2004 marked the first time a recruit decision was televised live. Within two years, the Army All American Game, Marine Corp AA (now the Semper Fi) Game and Parade AA (now called the Under Armour) game started to be televised live (they had been televised previously here and there, but not live). ESPN took the lead (of the major media outlets) with live signing day coverage, and the rest is history.

Of course High School recruiting goes back many decades, and recruiting services providing information to anyone that cared to pay for it goes back to the late 60's early 70's. But it wasn't until the early to mid 2000's that it morphed into what we see today.

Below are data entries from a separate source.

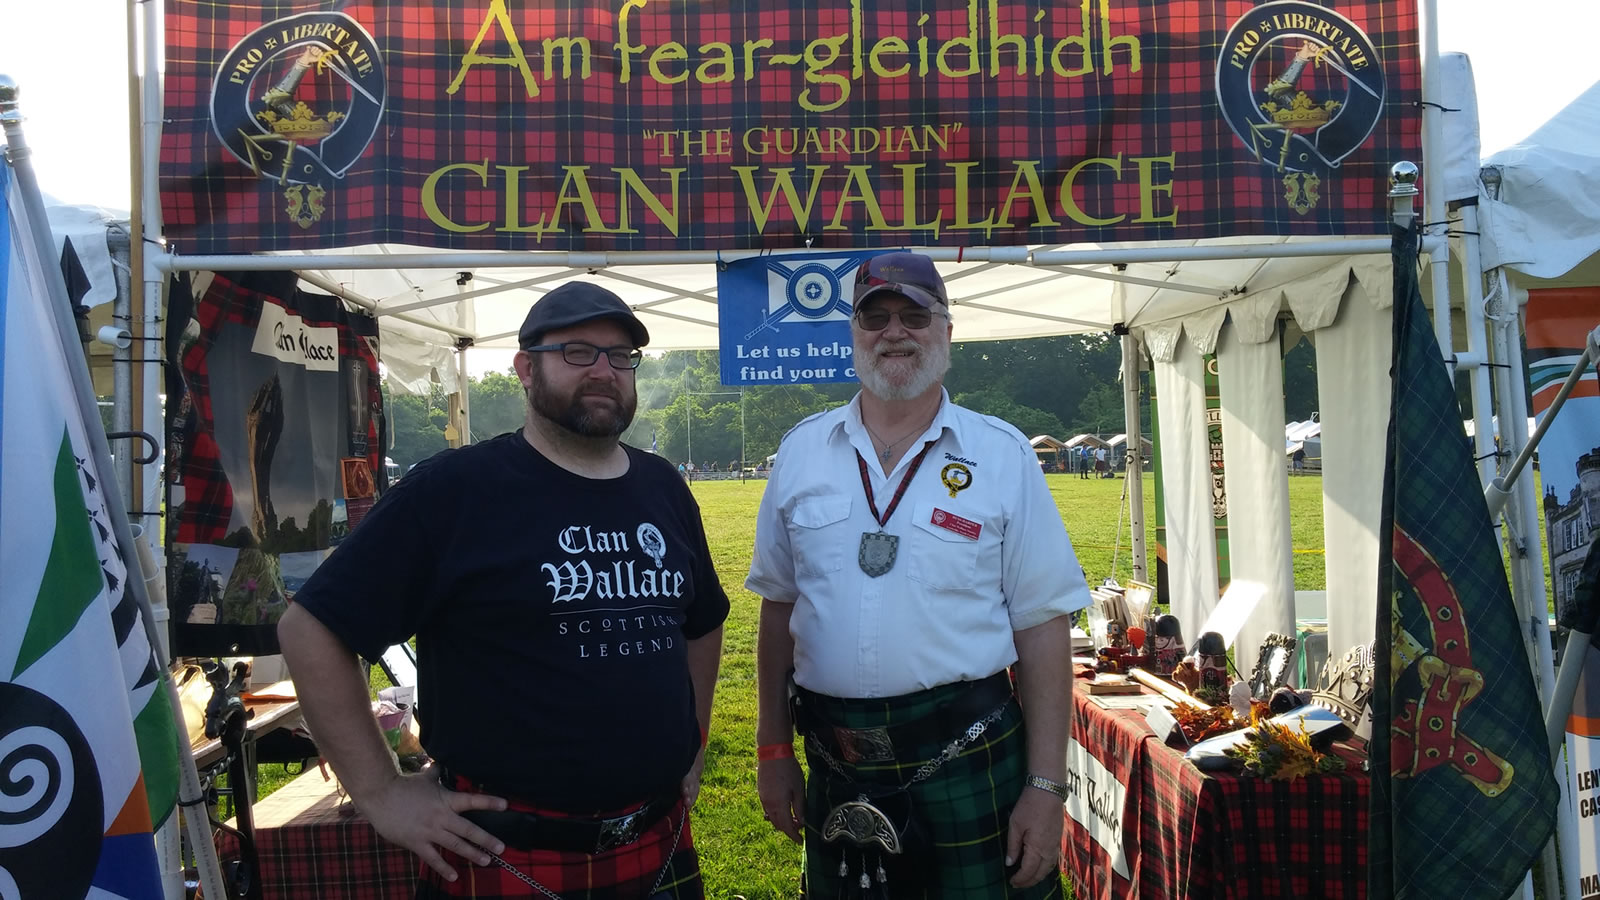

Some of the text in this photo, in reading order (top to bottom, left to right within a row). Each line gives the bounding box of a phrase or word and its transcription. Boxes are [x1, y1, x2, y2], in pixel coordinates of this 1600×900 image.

[229, 22, 374, 86] PRO LIBERTATE
[446, 0, 592, 98] Am
[1230, 13, 1369, 71] PRO LIBERTATE
[421, 151, 1178, 243] CLAN WALLACE
[736, 341, 853, 362] Let us help
[740, 366, 784, 381] find
[790, 367, 837, 382] your
[557, 524, 630, 555] Clan
[540, 559, 685, 604] Wallace
[558, 614, 678, 635] SCOTTISH
[579, 636, 673, 658] LEGEND
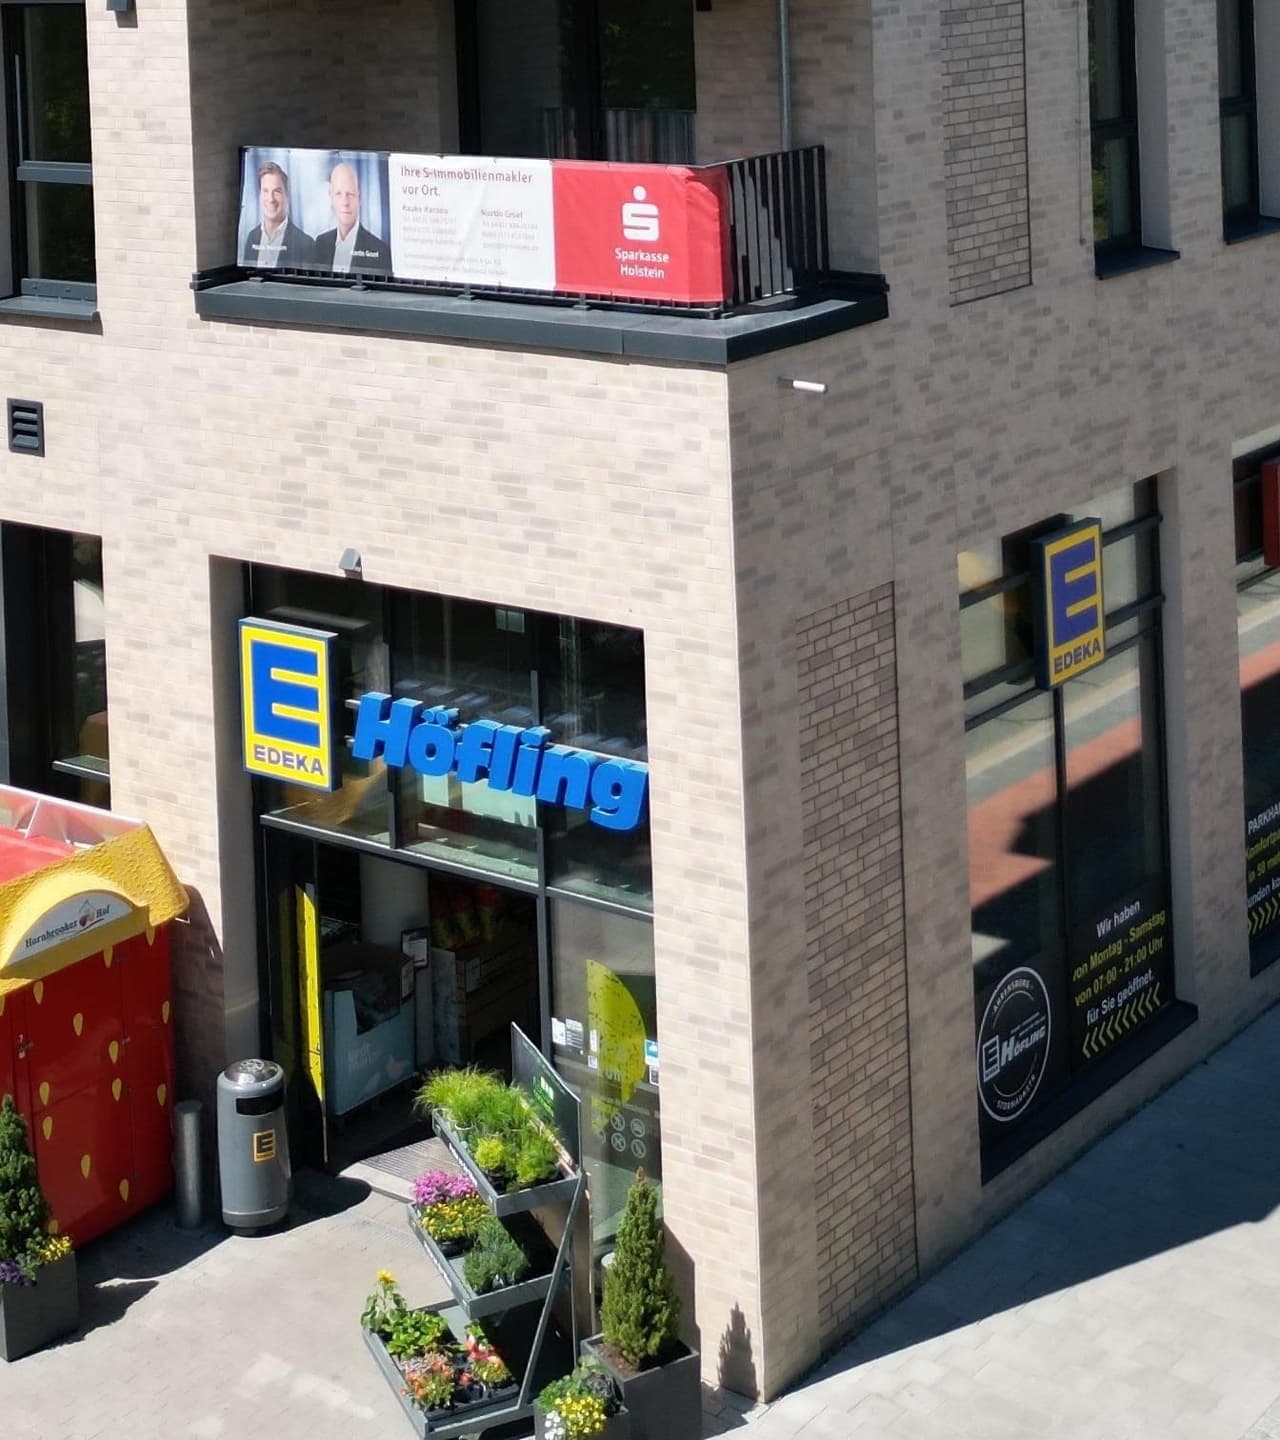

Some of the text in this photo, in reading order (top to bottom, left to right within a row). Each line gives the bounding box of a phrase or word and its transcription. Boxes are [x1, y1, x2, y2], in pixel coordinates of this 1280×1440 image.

[401, 165, 421, 178] Ihre
[402, 185, 418, 196] vor
[614, 248, 670, 263] Sparkasse
[620, 264, 665, 279] Holstein
[1050, 536, 1098, 648] E
[1054, 637, 1102, 675] EDEKA
[250, 639, 649, 832] E Höfling
[253, 743, 324, 777] EDEKA
[25, 919, 78, 949] Hornbrooker
[1096, 900, 1141, 939] Wir haben
[1090, 939, 1122, 971] Montag
[1129, 909, 1166, 943] Samstag
[1074, 986, 1092, 1007] von
[1093, 965, 1117, 994] 07:00
[1124, 945, 1147, 973] 21:00
[1148, 936, 1164, 955] Uhr
[1086, 1006, 1099, 1026] für
[1101, 995, 1116, 1016] Sie
[1000, 1025, 1046, 1067] HÖFLING

It goes back farther than that, Rivals and Scout were both doing this in 1999.

jkm, the stolen pifwafwi
2/6/2013, 01:38 PM
I have a closet full of Parade, Prep Star, SuperPrep and Bluechip publications from the 90s. They didn't use the star system, but had rankings and labels of their own.

BTW - Blake's classes weren't considered good. '98 class cracked one of the Top 25s, but that was it.

One of the more interesting thing about the 90's magazines were how varied they were. All 4 could cover an area and have radically divergent lists. A good example was TGRW, he was on the cover of prepstar, but wasn't even listed in the regional lists of most of the magazines. Calmus was another one that was borderline on most of the lists for the midlands. Cory Callens though was at the top of them all.

jkjsooner
2/8/2013, 10:30 AM
There are what 74 on all 3 AA teams + HMs and like 14 AA teams so it could be true. The problem is that after 1st team, it gets so name driven that it isn't reliable. And name driven tends to favor the big time recruits.

Plus it doesn't mean 1 in 45 for any specific year. It means 1 in 45 become AA at some point in their careers.

So to say more than one per team on average would mean more than one per team on average over a 4 or 5 year period.

jkm, the stolen pifwafwi
2/8/2013, 12:11 PM
Plus it doesn't mean 1 in 45 for any specific year. It means 1 in 45 become AA at some point in their careers.

So to say more than one per team on average would mean more than one per team on average over a 4 or 5 year period.

Like I said, without knowing their criteria, its hard to say. I wouldn't be surprised if over 150 kids are considered an AA in any year. There are a TON of All American teams (AP, Walter Camp, etc) and if they include HMs that list goes way up. We've had guys be HMs that had horrible years but great reputations.